At the end of 2015, 8.5 million people lived in Israel. The population is projected to grow to 10 million by the end of 2024, to 15 million by the end of 2048, and to 20 million by the end of 2065.
The researchers expect no significant changes in the proportion of the population made up by Jews, Arabs and others.
The population makeup in 2040 is forecast to be similar to that of 2015 – 79% Jews (and others) and 21% Arab.
In 2065, the Jewish (and other) population is expected to rise to some 81% of the population while the Arab proportion of the citizenry is projected to decrease to 19%.

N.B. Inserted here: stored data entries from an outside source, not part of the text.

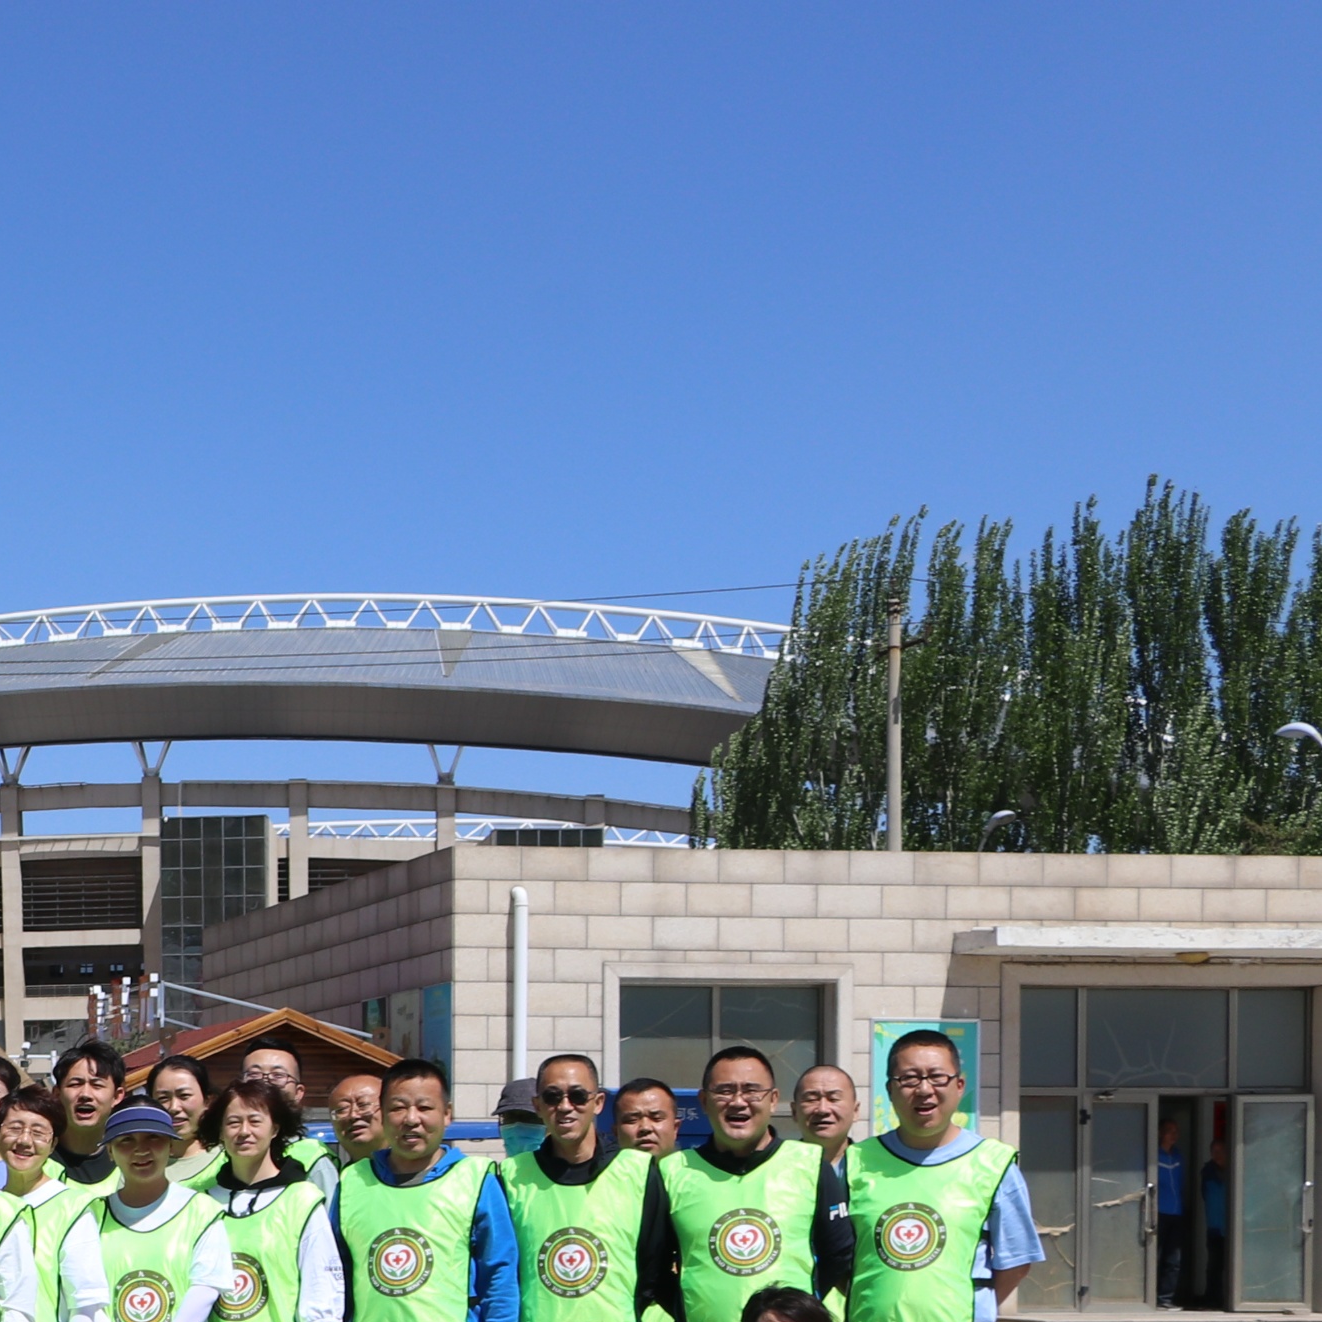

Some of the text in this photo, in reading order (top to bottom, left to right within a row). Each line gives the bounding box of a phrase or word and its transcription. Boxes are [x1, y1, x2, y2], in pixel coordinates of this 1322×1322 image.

[829, 1202, 848, 1221] FIL
[714, 1256, 726, 1268] BAO
[726, 1265, 738, 1273] TOU
[755, 1250, 778, 1272] HOSPITAL
[914, 1247, 942, 1268] HOSPITAL
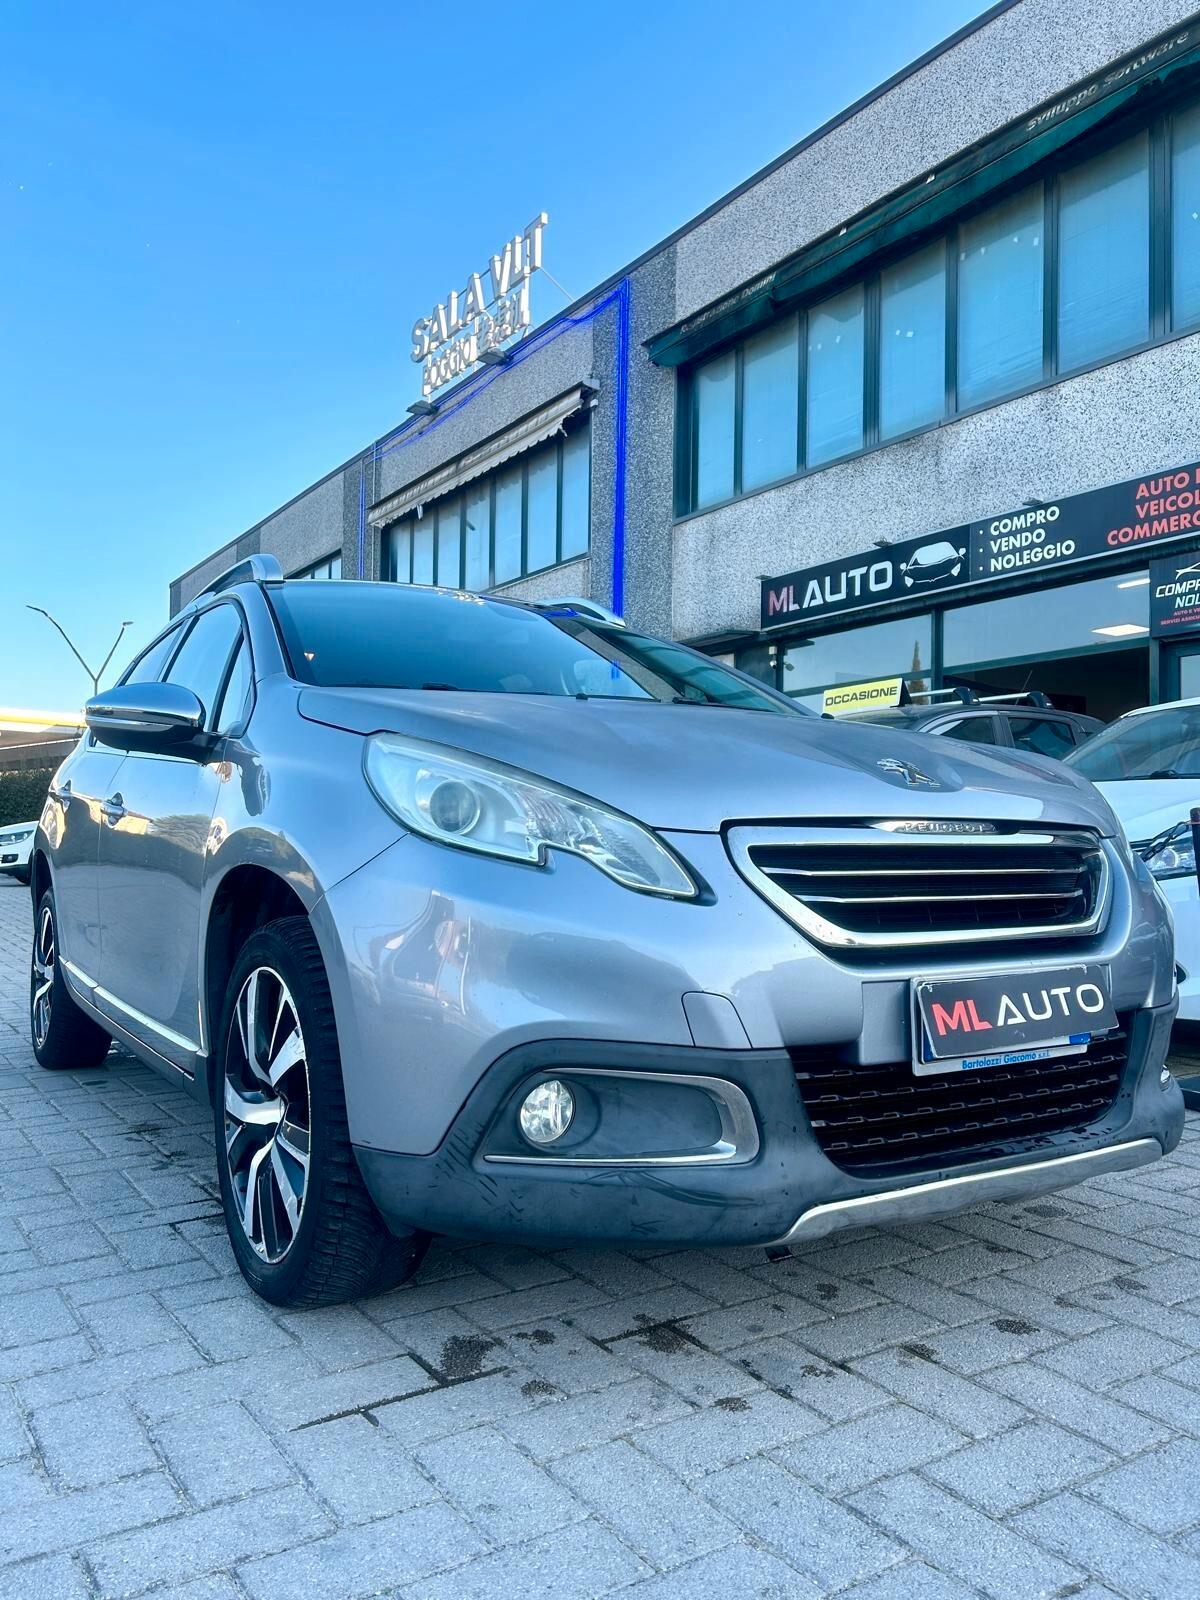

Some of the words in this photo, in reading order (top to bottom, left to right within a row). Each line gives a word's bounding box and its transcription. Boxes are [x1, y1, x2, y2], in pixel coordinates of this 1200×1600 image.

[1136, 472, 1190, 500] AUTO
[990, 506, 1060, 535] COMPRO
[1107, 510, 1200, 545] COMMERC
[990, 528, 1046, 553] VENDO
[990, 540, 1075, 572] NOLEGGIO
[768, 585, 800, 616] ML
[803, 560, 893, 608] AUTO
[825, 686, 898, 706] OCCASIONE
[931, 1000, 993, 1036] ML
[997, 983, 1104, 1027] AUTO
[962, 1055, 1002, 1070] Bartolozzi
[1004, 1052, 1037, 1064] Giacomo

The proportion of ultra-Orthodox in the population is expected to increase from 11% in 2015 to 20% by 2040 and 32% by 2065.
The ultra-Orthodox are forecast to comprise 40% of the Jewish (and other) population in 2065 – up from 14% in 2015 and 24% in 2040.
In 2015, 75% of Israeli children aged 0-14 were Jews or others, including 19% of all children who were ultra-Orthodox.
This share is expected to rise to 84% of the child population in 2065, of them 49% ultra-Orthodox.
In contrast, 25% of Israeli children aged 0-14 in 2015 were Arab; this proportion is expected to decrease to 15% by 2065.
The ultra-Orthodox and Arabs – two groups with low labor force participation rates – are expected to comprise an increasing share of the working age (25- 65) population.
In 2015, 81.2% of the working age population were Jews or others, including 7.5% of the total working age population who were ultra-Orthodox. By 2065, the ultra-Orthodox are expected to make up 26% of working age Israelis.
Similarly, in 2015 Arabs made up 18.8% of the working age population, and this figure is expected to rise to 21.8% in 2065.
Israel’s population – like the rest of the world – is an aging one, the report found.
In 2015, 11.1% of Israelis were aged 65 or older; this is forecast to rise to 14.3% in 2040, and to 15.3% in 2065.